(Records provided begins)

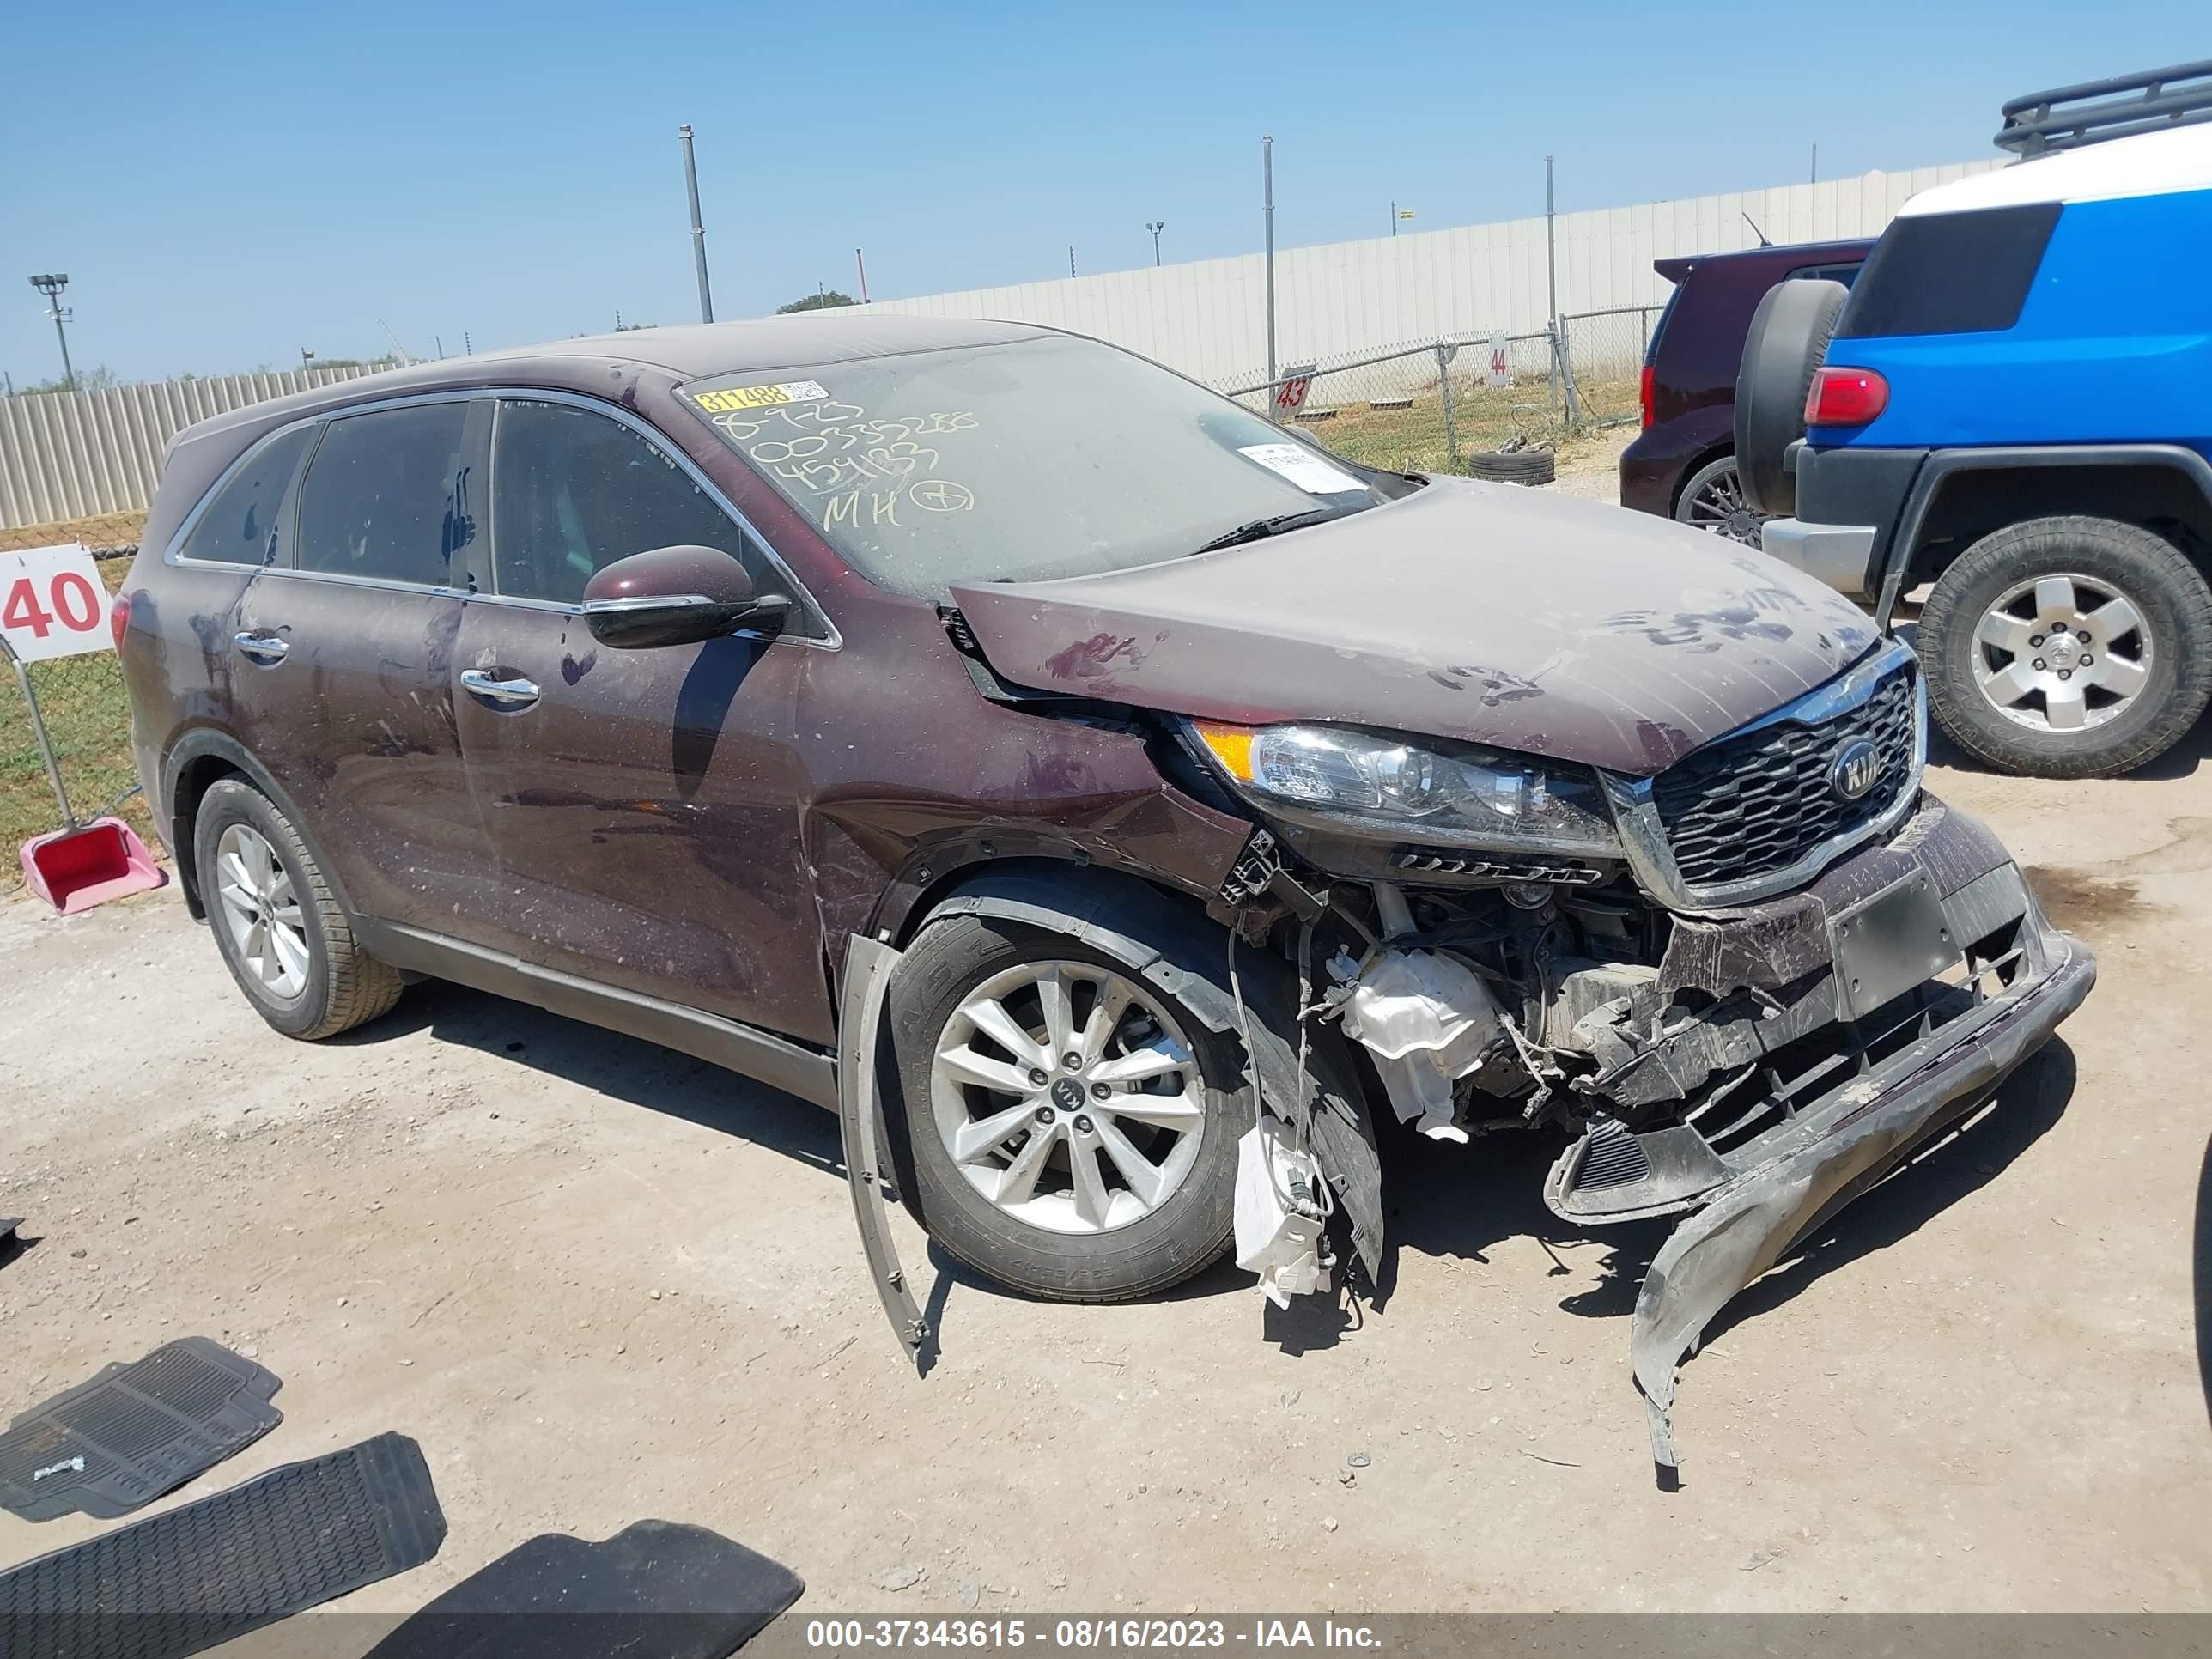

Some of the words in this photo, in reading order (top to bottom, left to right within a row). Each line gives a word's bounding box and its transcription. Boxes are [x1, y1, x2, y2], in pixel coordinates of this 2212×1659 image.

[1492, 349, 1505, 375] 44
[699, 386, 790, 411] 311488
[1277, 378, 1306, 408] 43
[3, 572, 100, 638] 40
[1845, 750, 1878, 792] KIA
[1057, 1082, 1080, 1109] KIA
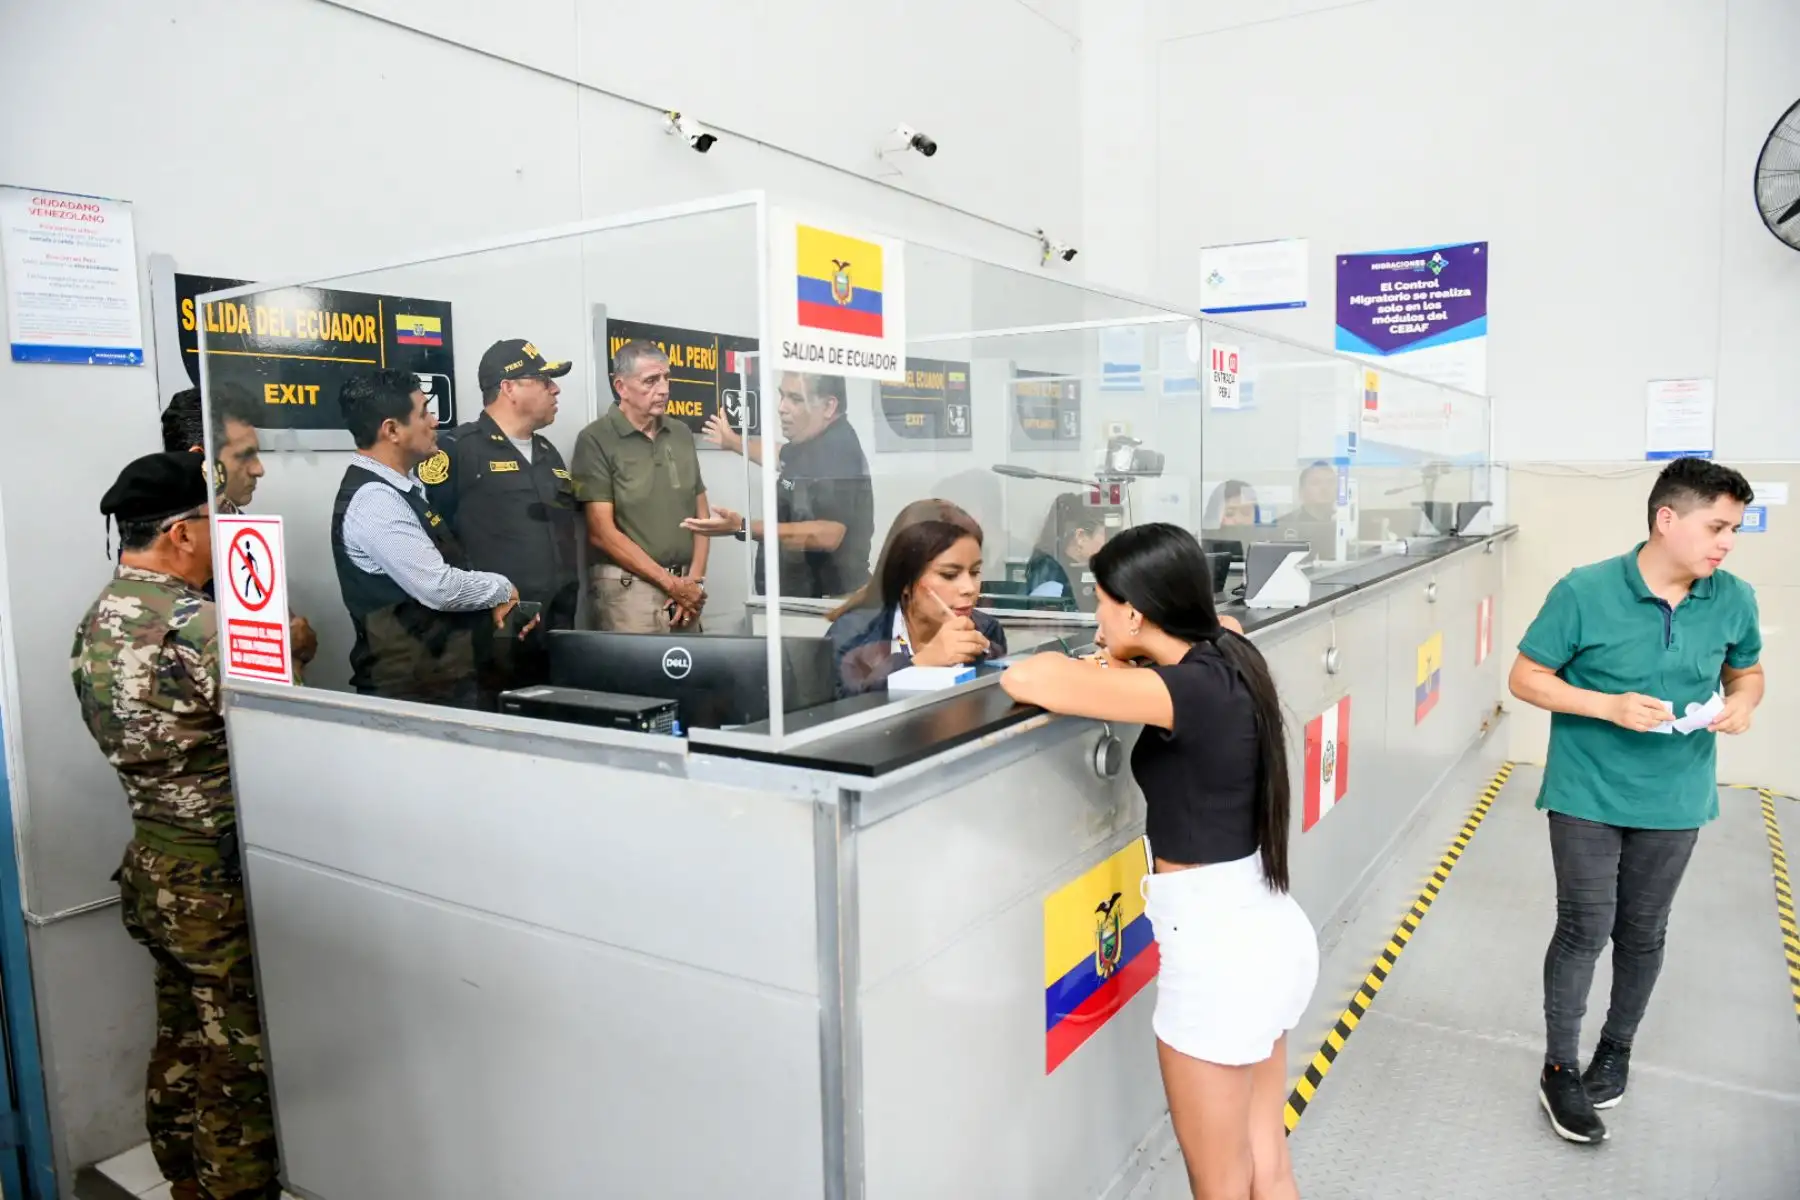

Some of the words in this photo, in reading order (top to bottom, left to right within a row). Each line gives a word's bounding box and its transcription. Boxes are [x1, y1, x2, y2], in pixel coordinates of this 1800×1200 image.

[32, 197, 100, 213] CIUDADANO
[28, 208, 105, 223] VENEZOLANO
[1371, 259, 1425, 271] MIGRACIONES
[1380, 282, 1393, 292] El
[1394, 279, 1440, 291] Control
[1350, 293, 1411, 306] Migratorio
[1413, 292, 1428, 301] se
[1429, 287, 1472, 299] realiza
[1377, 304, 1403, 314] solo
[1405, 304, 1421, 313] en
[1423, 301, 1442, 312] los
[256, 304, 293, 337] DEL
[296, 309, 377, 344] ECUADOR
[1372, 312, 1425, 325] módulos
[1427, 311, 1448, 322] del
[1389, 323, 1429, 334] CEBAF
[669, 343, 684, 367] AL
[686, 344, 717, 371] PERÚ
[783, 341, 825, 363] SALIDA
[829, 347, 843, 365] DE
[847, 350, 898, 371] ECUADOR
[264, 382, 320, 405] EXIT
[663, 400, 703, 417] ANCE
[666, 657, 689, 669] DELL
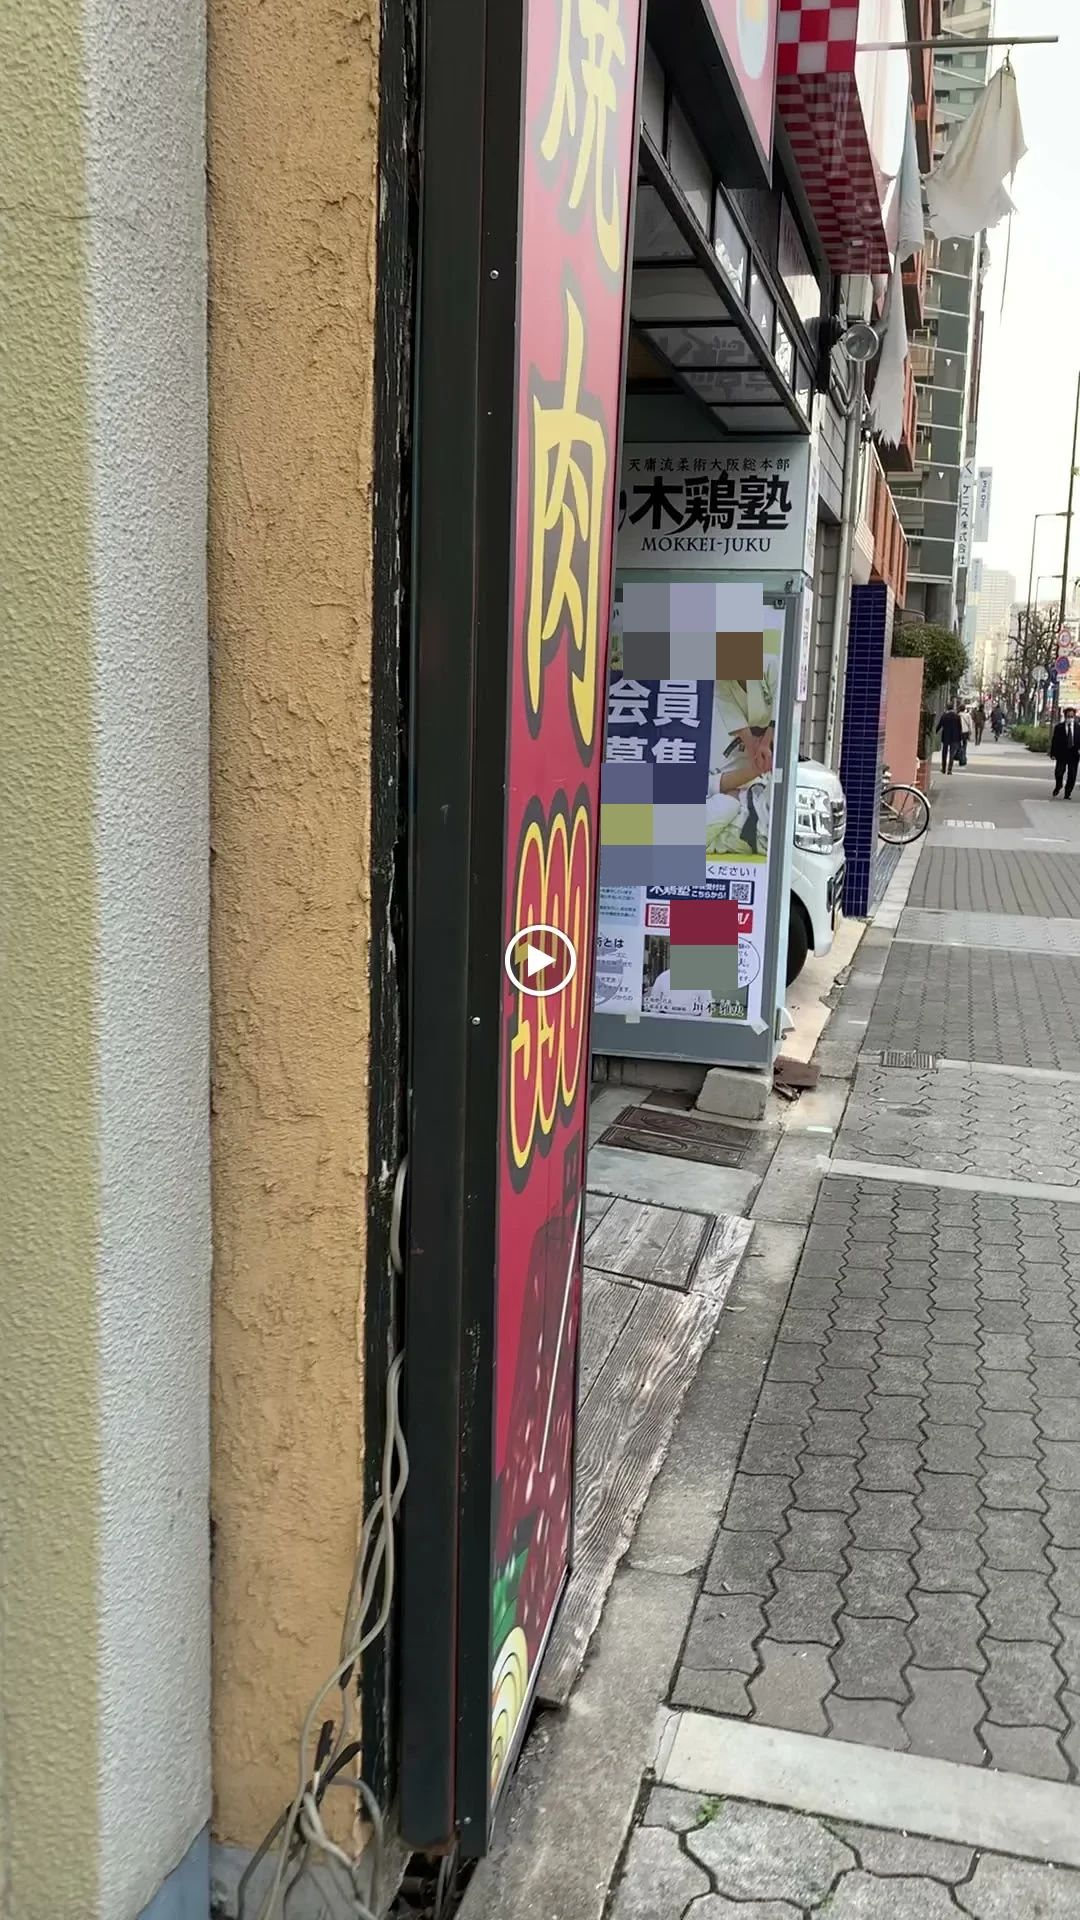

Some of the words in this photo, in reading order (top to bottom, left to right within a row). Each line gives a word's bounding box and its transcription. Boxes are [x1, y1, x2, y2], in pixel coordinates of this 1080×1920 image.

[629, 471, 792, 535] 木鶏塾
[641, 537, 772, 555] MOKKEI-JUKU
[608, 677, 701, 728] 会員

(Records provided ends)

What you need to do —
Repeat only the lines from the one holding "this 1080×1920 image." through the last line of the data.

Written solution —
Some of the words in this photo, in reading order (top to bottom, left to right within a row). Each line gives a word's bounding box and its transcription. Boxes are [x1, y1, x2, y2], in pixel coordinates of this 1080×1920 image.

[629, 471, 792, 535] 木鶏塾
[641, 537, 772, 555] MOKKEI-JUKU
[608, 677, 701, 728] 会員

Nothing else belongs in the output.